= Work to be completed =
Every line of the listing should be retyped exactly, but none of the pictures should be.

= Data to examine =
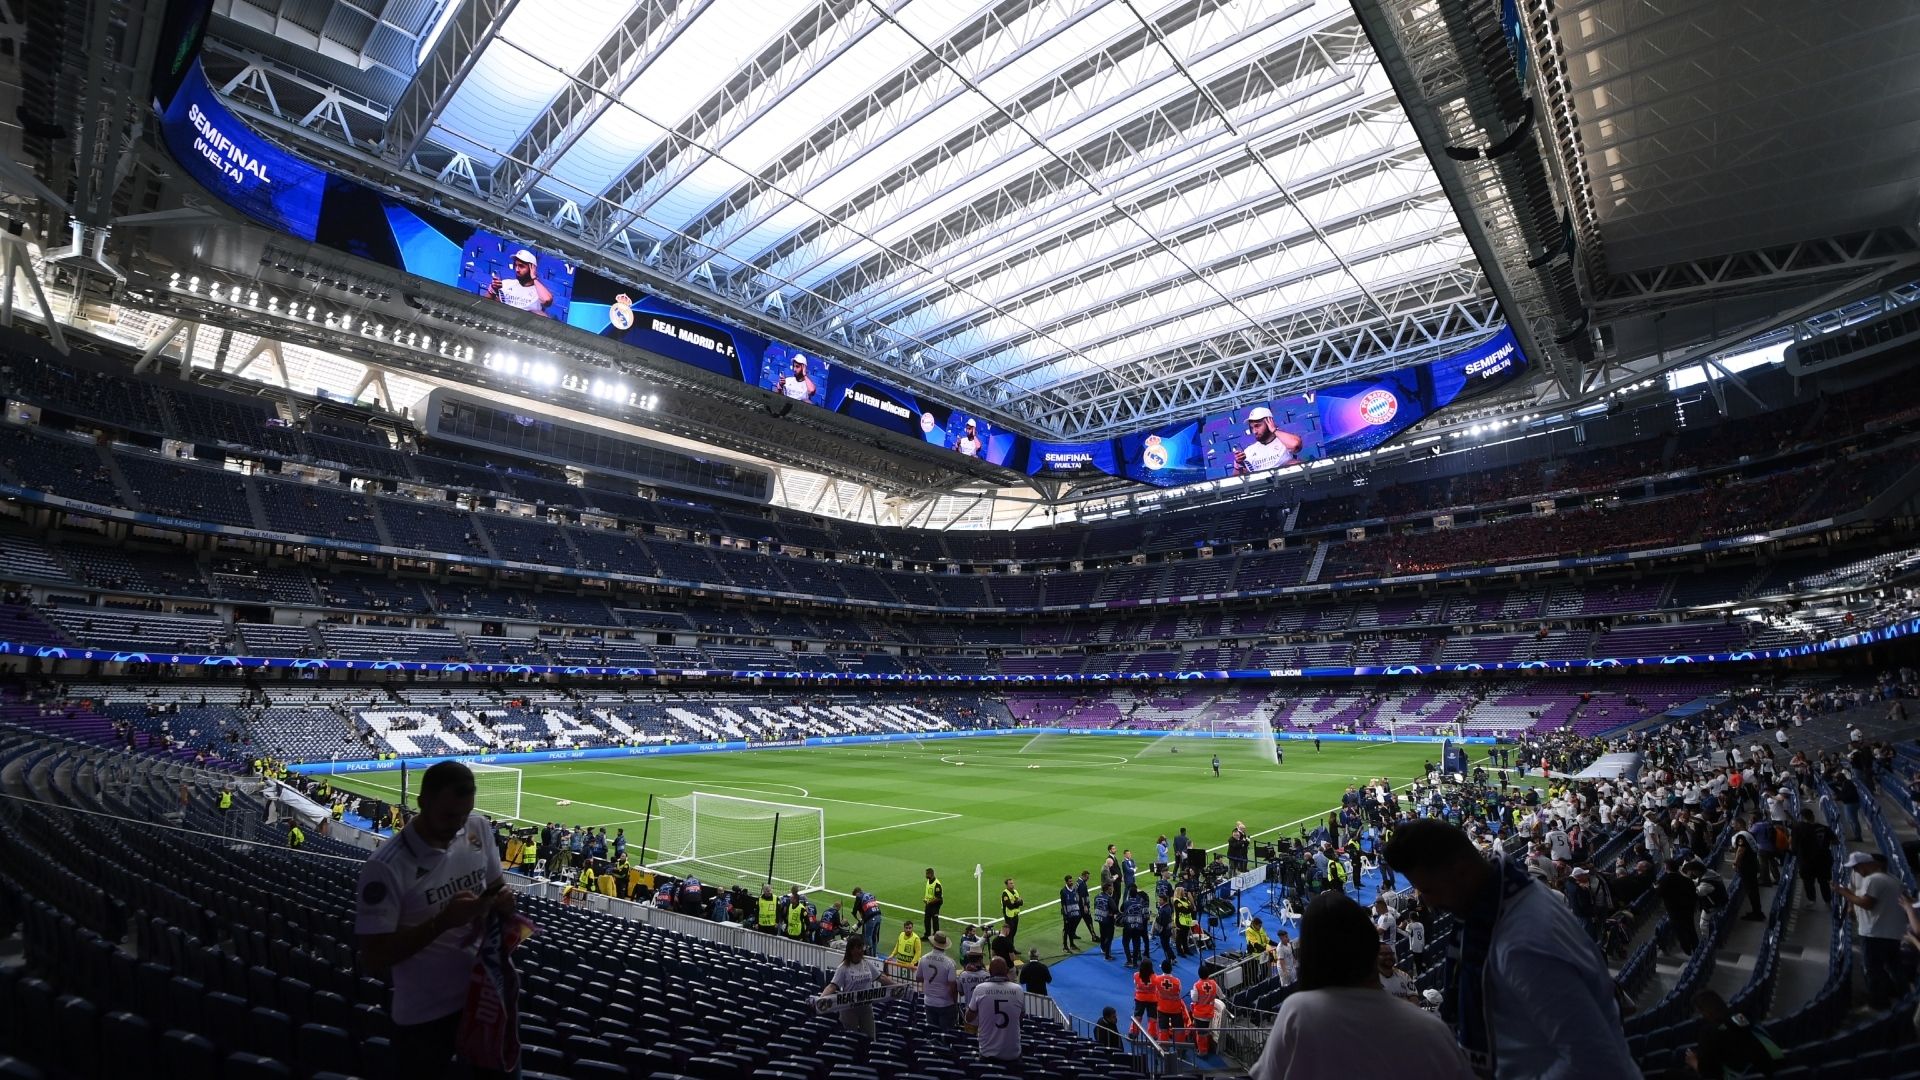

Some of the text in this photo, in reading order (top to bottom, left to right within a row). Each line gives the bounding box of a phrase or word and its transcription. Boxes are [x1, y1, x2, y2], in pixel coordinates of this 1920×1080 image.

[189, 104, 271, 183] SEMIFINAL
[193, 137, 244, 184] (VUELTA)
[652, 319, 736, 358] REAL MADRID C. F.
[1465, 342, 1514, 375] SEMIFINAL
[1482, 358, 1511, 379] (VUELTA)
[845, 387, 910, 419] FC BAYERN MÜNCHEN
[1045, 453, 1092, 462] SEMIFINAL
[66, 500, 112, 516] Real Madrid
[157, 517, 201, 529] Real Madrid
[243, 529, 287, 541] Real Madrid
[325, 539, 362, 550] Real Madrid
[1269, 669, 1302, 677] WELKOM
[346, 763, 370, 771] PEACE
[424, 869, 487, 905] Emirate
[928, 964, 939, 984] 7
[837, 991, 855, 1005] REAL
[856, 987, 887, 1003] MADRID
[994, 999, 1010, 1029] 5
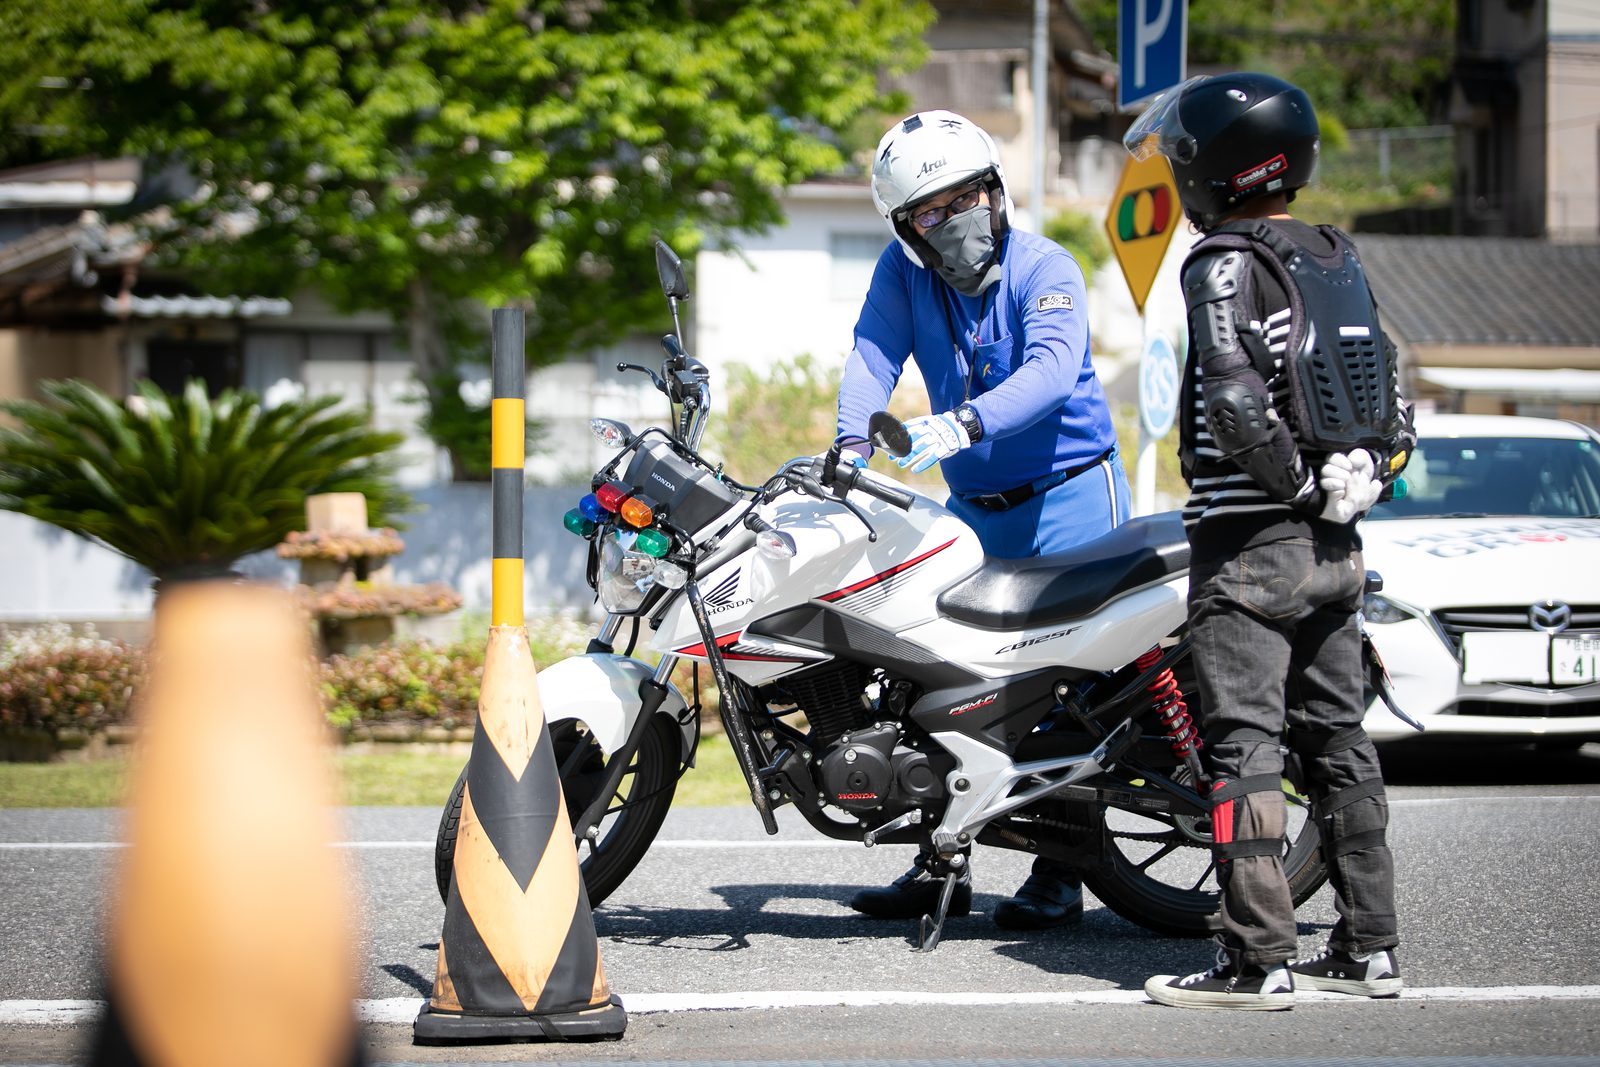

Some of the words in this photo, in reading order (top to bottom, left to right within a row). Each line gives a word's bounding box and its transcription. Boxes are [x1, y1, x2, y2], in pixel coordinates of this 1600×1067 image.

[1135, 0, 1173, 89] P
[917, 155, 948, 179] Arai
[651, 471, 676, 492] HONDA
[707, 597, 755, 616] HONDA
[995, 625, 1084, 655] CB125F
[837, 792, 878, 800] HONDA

= Expected answer =
Some of the text in this photo, in reading order (top to bottom, left to right within a row). Each line gives the bounding box of a phrase or word and its transcription. Boxes are [x1, y1, x2, y2], in pixel coordinates of this 1920×1080 image.

[189, 104, 271, 183] SEMIFINAL
[193, 137, 244, 184] (VUELTA)
[652, 319, 736, 358] REAL MADRID C. F.
[1465, 342, 1514, 375] SEMIFINAL
[1482, 358, 1511, 379] (VUELTA)
[845, 387, 910, 419] FC BAYERN MÜNCHEN
[1045, 453, 1092, 462] SEMIFINAL
[66, 500, 112, 516] Real Madrid
[157, 517, 201, 529] Real Madrid
[243, 529, 287, 541] Real Madrid
[325, 539, 362, 550] Real Madrid
[1269, 669, 1302, 677] WELKOM
[346, 763, 370, 771] PEACE
[424, 869, 487, 905] Emirate
[928, 964, 939, 984] 7
[837, 991, 855, 1005] REAL
[856, 987, 887, 1003] MADRID
[994, 999, 1010, 1029] 5

Some of the words in this photo, in reading order (top to bottom, left to right within a row). Each line gives a word's bounding box and its transcription. Boxes are [x1, y1, x2, y2], in pixel coordinates of this 1600×1067 image.

[1135, 0, 1173, 89] P
[917, 155, 948, 179] Arai
[651, 471, 676, 492] HONDA
[707, 597, 755, 616] HONDA
[995, 625, 1084, 655] CB125F
[837, 792, 878, 800] HONDA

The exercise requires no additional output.